Educational Objectives

  • Identify the evolving legal standard regarding cross-jurisdictional telehealth
  • Describe why cross-border practice might be illegal and 2 legal risks that accompany unpermitted cross-border practice
  • Construct effective strategies to support client continuity of care across state lines
  • Evaluate the clinical risks and benefits of providing telehealth services across jurisdictions
  • Describe different schemes of cross-jurisdictional practice permission and how they impact the learner’s ability to work with clients who are present in foreign states


  • Why do we even have to worry about cross-border/interjurisdictional practice?
  • The role of licensing boards in the US.
  • When and how foreign licensing board rules come into play
  • Concrete risks in illegal cross-border/interjurisdictional practice.
  • Coaching vs. Counseling
  • 3 Types of Cross-Border Practice
  • Client is in a foreign jurisdiction
  • Therapist is in a foreign jurisdiction
  • Client and therapist are both in foreign jurisdictions
  • Getting answers about practice in foreign jurisdictions
  • The info items a therapist needs to know about practice in a foreign jurisdiction to determine if it is legal to work from there or with clients there
  • A process for getting these answers from US states
  • A process for getting these answers in nations outside the US
  • Documenting due diligence and permission to practice
  • Current and Future Efforts to Reduce Interstate Practice Barriers
  • The Counseling Compact
  • The Social Work Compact
  • Working with clients in foreign nations
  • The difference between practice being permitted and practice not being forbidden.
  • A demonstration of finding potential information sources in nations where government websites are not written in English, or where information about practice licensure/registration is not findable.
  • What about clients on US military bases?
  • Working with clients in US states where one is not licensed
  • Some specific state boards without any temporary practice allowance of any kind, and how we discovered that fact.
  • Some specific state boards with temporary practice allowance rules, and how we discovered that fact.
  • Some specific state boards that restrict the ability of therapists to work with clients while the therapist travels out of state.


2 CE Credit Hours.

Presented/Developed By

Eric Ström JD PhD LMHC, is an attorney and Licensed Mental Health Counselor in Seattle, Washington. As an attorney, Eric provides legal counsel, consultation, and guidance to mental health professionals. Eric’s counseling practice is focused on providing counseling services to combat veterans as well as providing supervision and consultation to other clinicians. Eric currently serves on the American Mental Health Counselors Association Ethics Committee, and is the ethics advisor for the Washington Mental Health Counselors Association. Eric has taught a range of courses in counseling and professional ethics at a variety of graduate and undergraduate programs.

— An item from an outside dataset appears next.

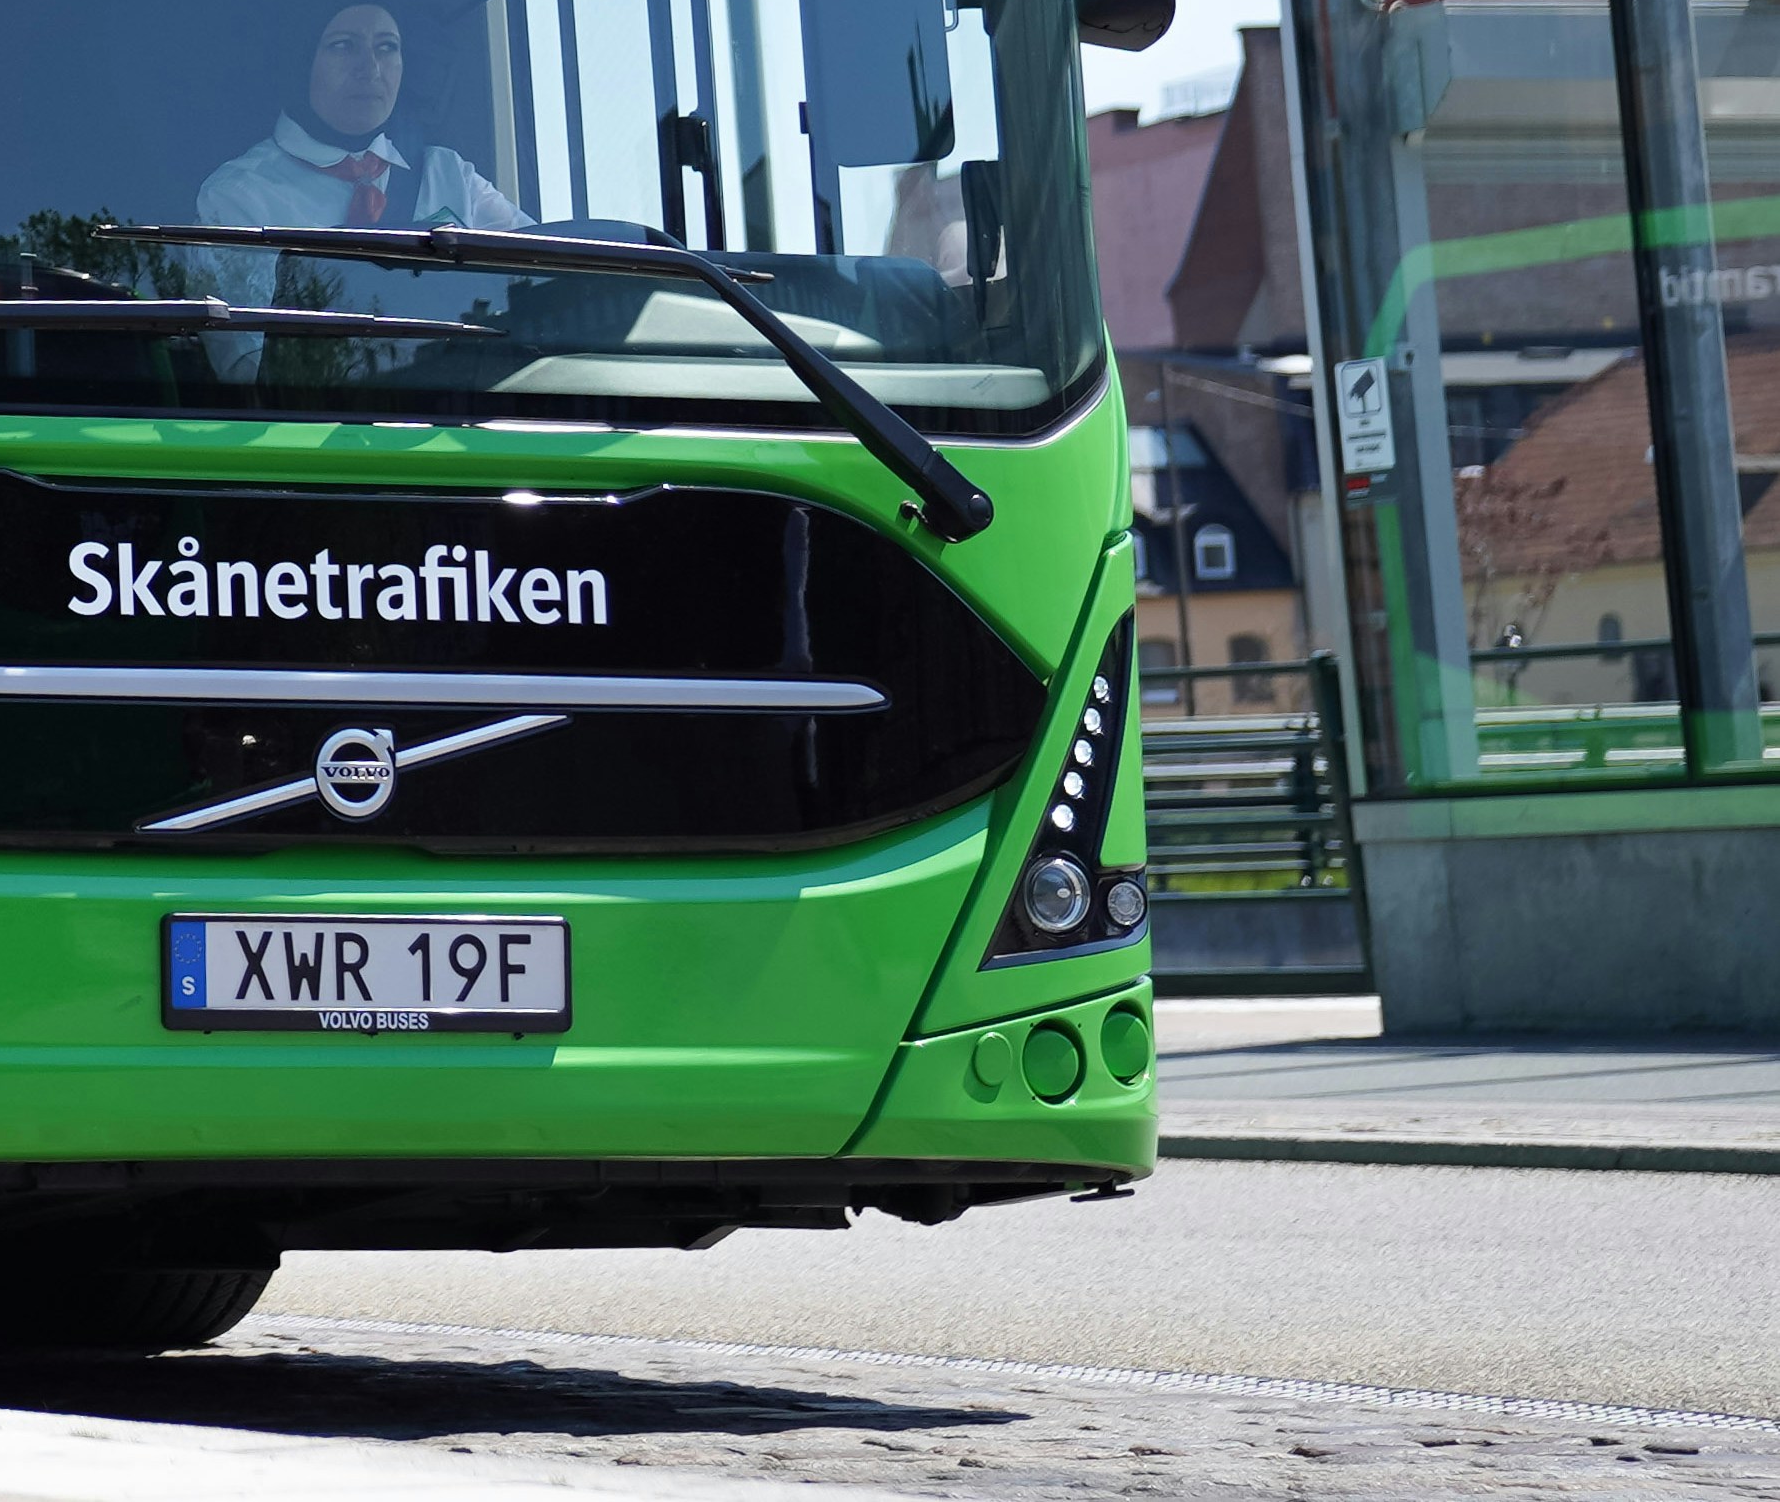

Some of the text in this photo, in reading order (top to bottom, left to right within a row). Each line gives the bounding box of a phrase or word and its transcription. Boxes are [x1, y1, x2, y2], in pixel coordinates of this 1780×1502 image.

[67, 536, 610, 626] Skånetrafiken
[321, 766, 390, 779] VOLVO
[181, 930, 532, 1003] S XWR 19F
[319, 1012, 429, 1030] VOLVO BUSES

Eric earned a PhD in Counselor Education and Supervision at Oregon State University, a Master of Arts Degree in Counseling Psychology from the Northwest School of Professional Psychology at Argosy University Seattle, graduated cum laude from Wayne State University School of Law in Detroit Michigan, attended the Hague Academy of International Law in the Hague Netherlands, and received a Bachelor of Arts degree in Linguistics from the University of Michigan.

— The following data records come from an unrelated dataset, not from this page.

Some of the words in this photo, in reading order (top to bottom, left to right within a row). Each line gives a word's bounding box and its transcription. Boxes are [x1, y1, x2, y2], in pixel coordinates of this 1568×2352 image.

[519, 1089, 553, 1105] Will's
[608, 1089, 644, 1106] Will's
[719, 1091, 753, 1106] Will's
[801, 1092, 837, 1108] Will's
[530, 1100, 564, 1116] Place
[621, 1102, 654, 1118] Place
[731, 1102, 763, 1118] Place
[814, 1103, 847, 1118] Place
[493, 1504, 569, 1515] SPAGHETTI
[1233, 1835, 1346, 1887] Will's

Liath Dalton is PCT’s director and a co-owner. Liath is especially passionate about helping therapists be resourced and supported in navigating the security compliance process and identifying the solutions and processes that meet the particular needs of their practices. Liath’s consultation area of expertise is focused on selecting the right combination of services and tech that not only meet the legal-ethical needs of mental health practices, but also the functionality, efficiency, and cost-effectiveness needs as well.

Program Notices

Accuracy, Utility, and Risks Statement: This program discusses strategies for complying with HIPAA, state rules in general, and covered ethics codes. It may not include information on all applicable state laws. Misapplication of the materials, or errors in the materials, could result in security problems, data breaches, or non-compliance with applicable laws or ethics codes.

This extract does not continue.